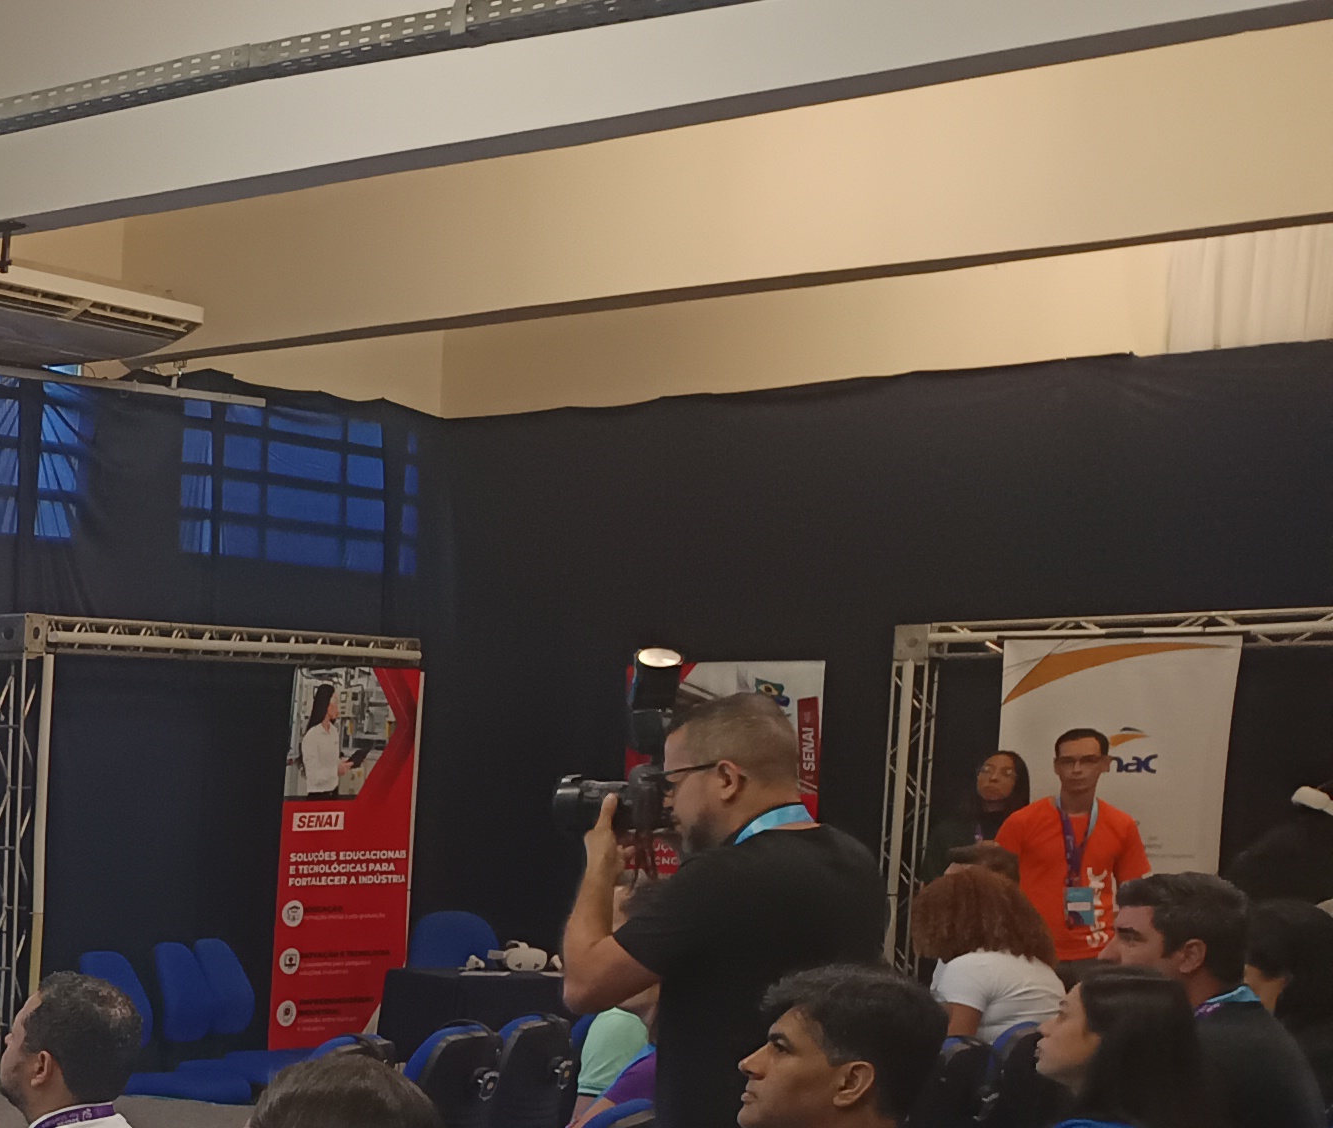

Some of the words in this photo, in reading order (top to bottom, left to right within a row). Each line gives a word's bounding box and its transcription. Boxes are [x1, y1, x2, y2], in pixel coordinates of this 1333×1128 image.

[802, 727, 815, 771] SENAI
[1109, 754, 1159, 774] nac
[297, 814, 340, 829] SENAI
[290, 850, 337, 863] SOLUÇÕES
[339, 850, 407, 860] EDUCACIONAIS
[289, 865, 296, 874] E
[298, 862, 367, 874] TECNOLÓGICAS
[369, 863, 395, 872] PARA
[288, 876, 347, 887] FORTALECER
[349, 876, 357, 885] A
[359, 873, 406, 885] INDÚSTRIA

━━━━━━━━━━━━━━━━━━━━

Please hand back every entry above exactly, with no images in the copy.

Some of the words in this photo, in reading order (top to bottom, left to right within a row). Each line gives a word's bounding box and its transcription. Boxes are [x1, y1, x2, y2], in pixel coordinates of this 1333×1128 image.

[802, 727, 815, 771] SENAI
[1109, 754, 1159, 774] nac
[297, 814, 340, 829] SENAI
[290, 850, 337, 863] SOLUÇÕES
[339, 850, 407, 860] EDUCACIONAIS
[289, 865, 296, 874] E
[298, 862, 367, 874] TECNOLÓGICAS
[369, 863, 395, 872] PARA
[288, 876, 347, 887] FORTALECER
[349, 876, 357, 885] A
[359, 873, 406, 885] INDÚSTRIA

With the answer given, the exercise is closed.